Who This Article Is Not For

This article is written for a specific kind of buyer, and it is worth being honest about who it is not for.

It is not for coaches looking for a strategy consultant who will run the pricing model, build the funnel, or write the marketing copy. That is consulting, not mentoring, and the brief is different. It is not for coaches looking for a done-for-you mentor who will guarantee client outcomes, because no mentor can guarantee outcomes the coach has to deliver. It is not for coaches at the supervision stage looking for peer support on the craft of coaching itself; that is a coaching supervisor's role. And it is not for coaches whose coaching is genuinely a side income alongside another business, where a group accelerator is usually a better fit than a 1:1 mentor.

What Happens If a Coach Hires the Right Mentor

The mechanics of the transformation are predictable. A productised Three Core Pillar Offer replaces the bespoke menu, so the coach is no longer reselling their value from scratch in every conversation. Capacity-based pricing means the practice no longer punishes the coach for getting better, faster, or more selective. The sales conversation moves from defending the price to inviting the right client into a clear offer, which is a conversation a trained coach can actually run without breaking their training.

Behind those three changes, a referral pipeline starts to compound. Clients who bought a clear outcome at a clear price refer other clients who want the same thing. The Pixie Dust kicks in. The practice stops looking like a hundred hours of effort for a hundred different outcomes and starts looking like a small number of repeated transformations, sold confidently, delivered cleanly. That is the Fearless Business mission stated plainly: double the income with half the clients.

If hiring a mentor is on the table, take the Fearless Business Quiz first. Forty questions, free, and the report shows where the gap actually sits in the practice. Hire against the gap, not against the marketing.

FAQs for Coaches Hiring a Business Mentor

What does a business mentor do for a coach specifically?

A business mentor for a coach shares what they learned building their own coaching practice: how to productise the service, set outcome-based or capacity-based pricing, sell without slipping into consulting, and build a customer journey that does not rely on personal hustle. They do not deliver the coaching, take responsibility for client outcomes, or generate leads for the coach.

Is a business mentor different from a coaching supervisor?

Yes. A coaching supervisor is a peer who supports the craft of coaching, ethical questions, and client cases. A business mentor for coaches works on the business of running a coaching practice: offers, pricing, sales, capacity, and growth. Most coaches need both at different stages, but they are not interchangeable.

How much should a coach pay for a business mentor in the UK?

Free pro bono routes exist through government schemes and professional associations.

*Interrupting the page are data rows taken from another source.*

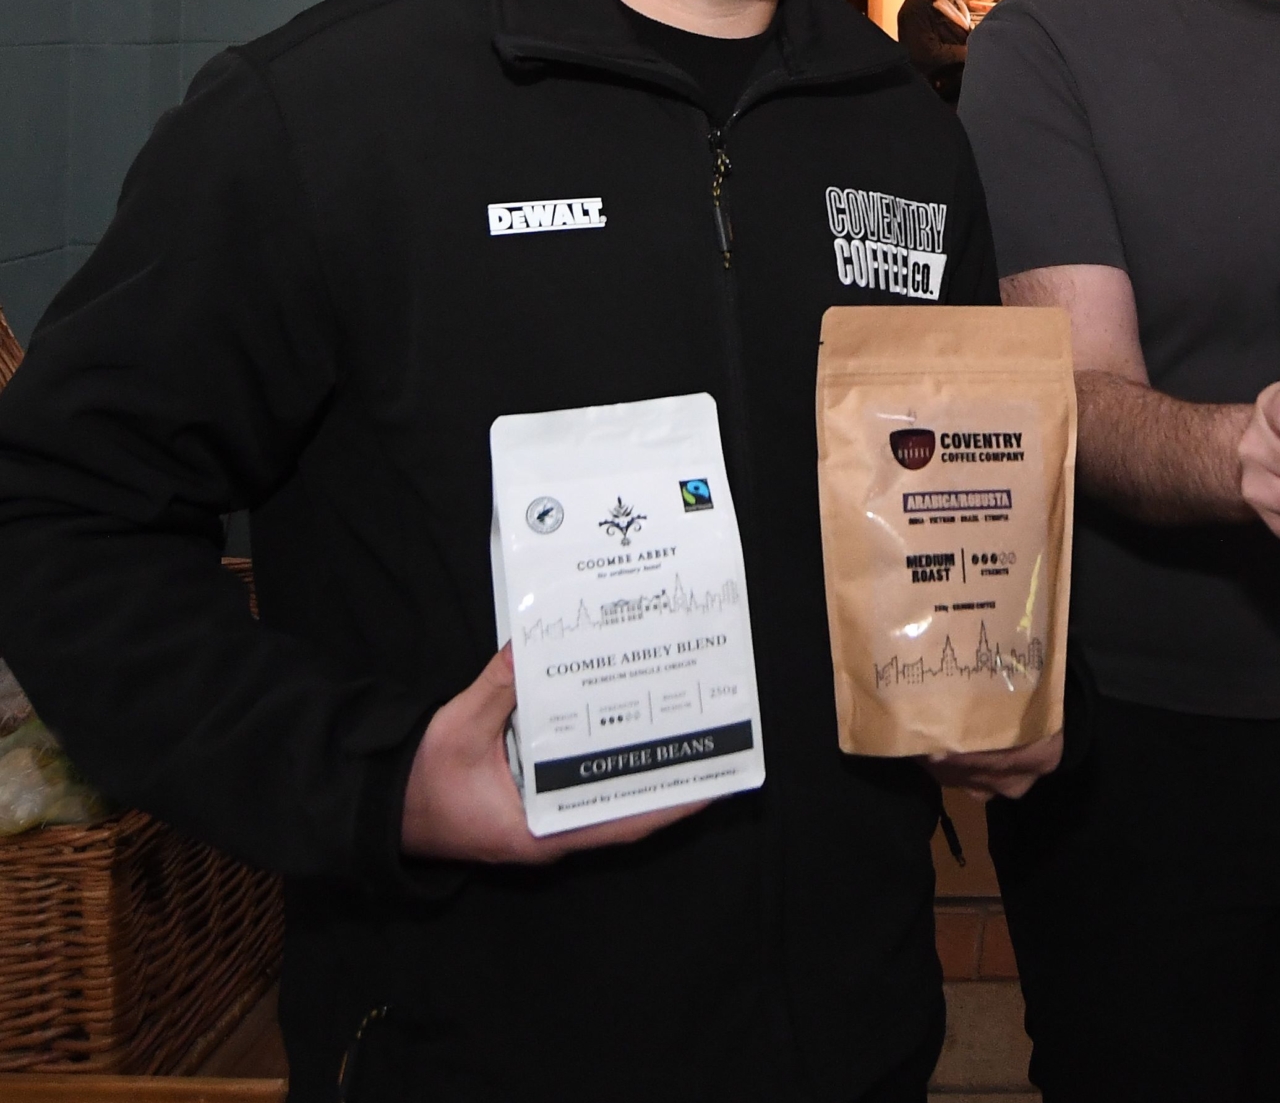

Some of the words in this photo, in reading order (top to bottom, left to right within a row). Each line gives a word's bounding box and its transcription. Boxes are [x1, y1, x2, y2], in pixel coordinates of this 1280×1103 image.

[825, 186, 947, 253] COVENTRY
[833, 238, 908, 295] COFFEE
[940, 432, 1023, 450] COVENTRY
[941, 452, 977, 463] COFFEE
[979, 451, 1025, 462] COMPANY
[577, 554, 632, 571] COOMBE
[638, 546, 676, 561] ABBEY
[906, 553, 955, 569] MEDIUM
[912, 568, 950, 584] ROAST
[546, 654, 617, 678] COOMBE
[621, 644, 672, 665] ABBEY
[677, 634, 727, 654] BLEND
[710, 685, 738, 700] 250g
[579, 749, 651, 778] COFFEE
[657, 736, 715, 761] BEANS
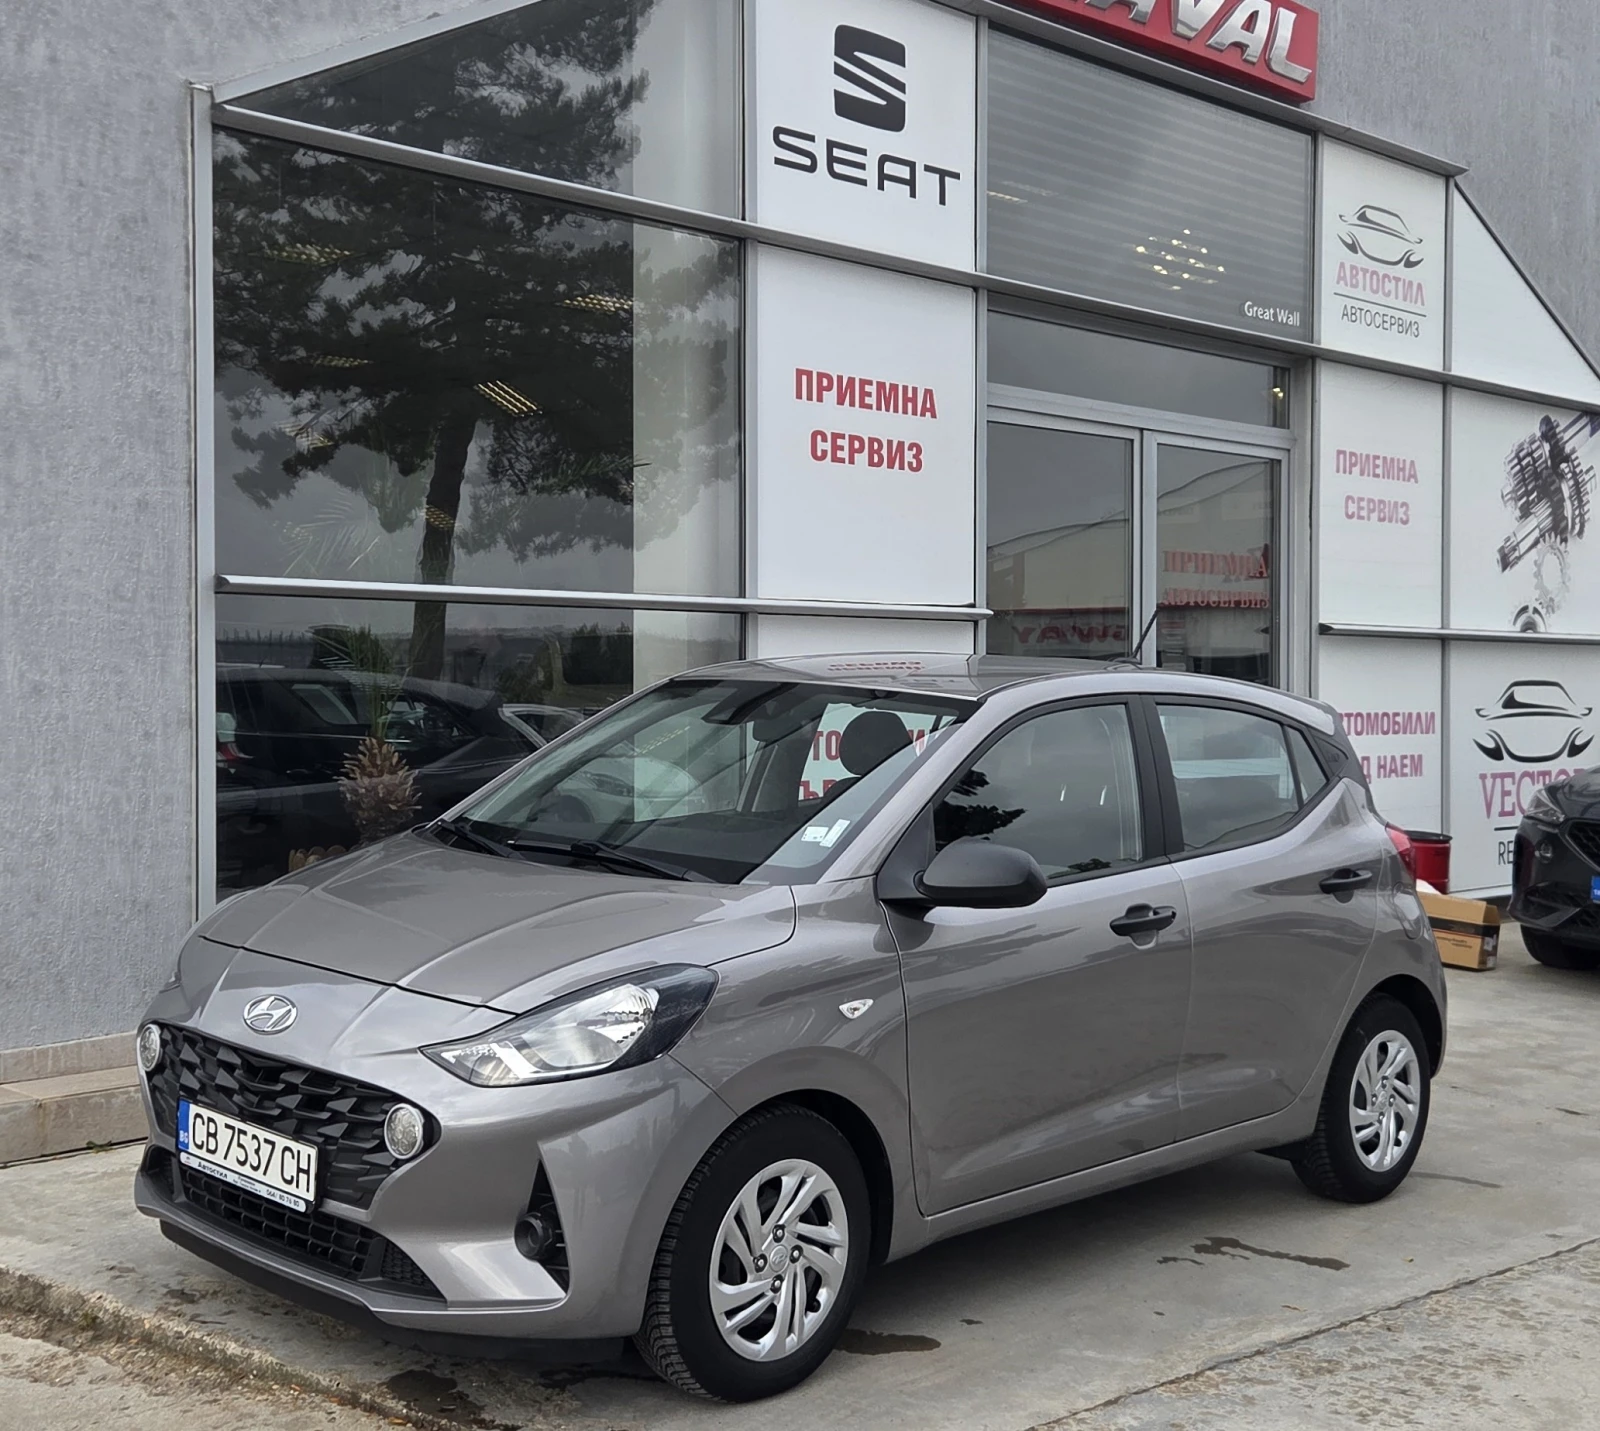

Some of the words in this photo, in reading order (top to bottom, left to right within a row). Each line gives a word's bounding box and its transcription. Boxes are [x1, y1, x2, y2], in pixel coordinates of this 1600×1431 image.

Paid 1:1 mentoring typically runs £200 to £1,500 per month for an ongoing relationship, £1,500 to £10,000 for an intensive engagement, and £100 to £500 per month for a structured group programme. Premium 1:1 sits at £2,500 to £10,000 per month and is more common once a coach passes £250k in revenue.

Should a coach hire a mentor or another coach?

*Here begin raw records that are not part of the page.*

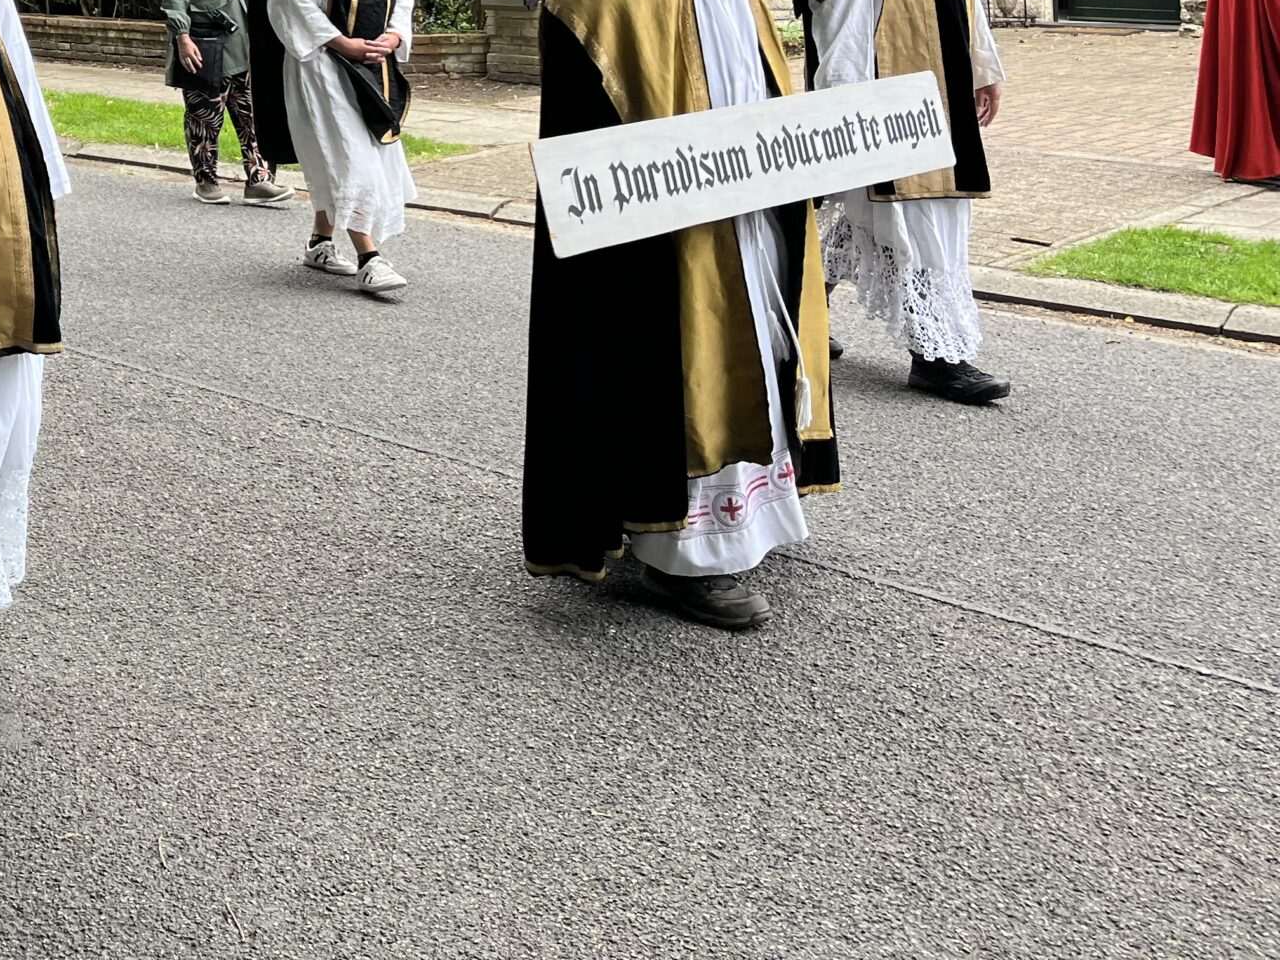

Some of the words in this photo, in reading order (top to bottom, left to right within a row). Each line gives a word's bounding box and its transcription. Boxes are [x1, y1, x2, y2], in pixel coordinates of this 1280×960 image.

[560, 166, 603, 225] In
[608, 144, 753, 215] Paradisum
[755, 114, 858, 175] dedúcant
[855, 111, 882, 153] te
[883, 97, 942, 150] angeli
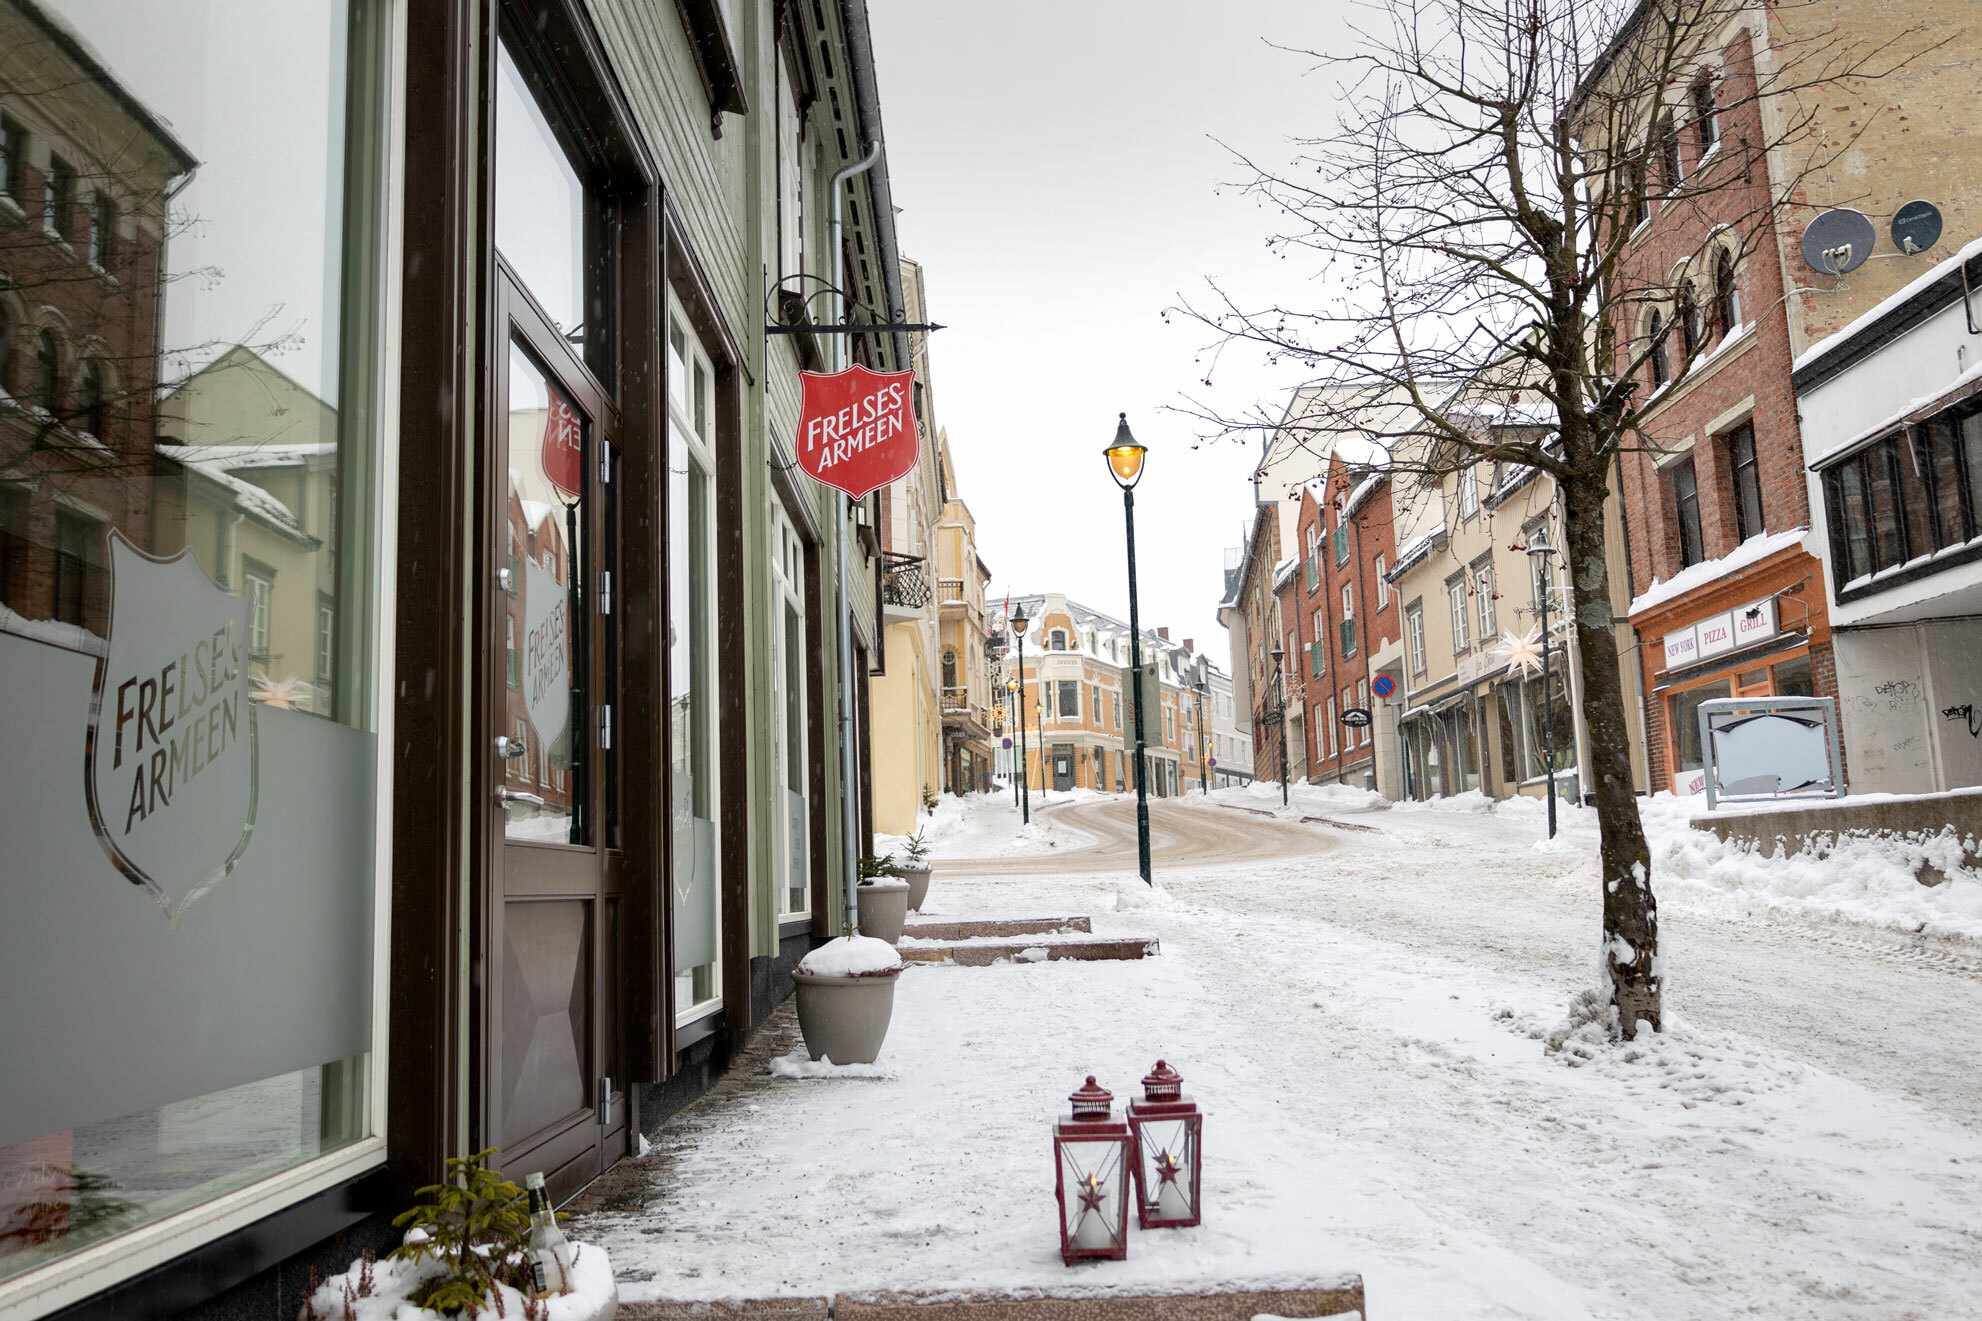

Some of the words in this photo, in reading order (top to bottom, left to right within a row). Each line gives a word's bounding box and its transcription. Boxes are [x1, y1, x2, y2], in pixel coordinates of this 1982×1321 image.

Hire a mentor when the questions you are asking have a right answer that someone has already found. Hire a coach when the question is about what you actually want or what is in your way. Most coaches at the productisation stage need a mentor first, then a coach later. The reverse order tends to waste twelve months.

What is the biggest mistake coaches make when hiring a business mentor?

Hiring someone who scaled a different kind of business and never coached. The advice from a generic founder mentor often sounds right but breaks when applied to a service sold on outcomes. The fix: ask the candidate to walk through how they built their own coaching practice, with named clients and revenue. If they cannot, they are not the right fit.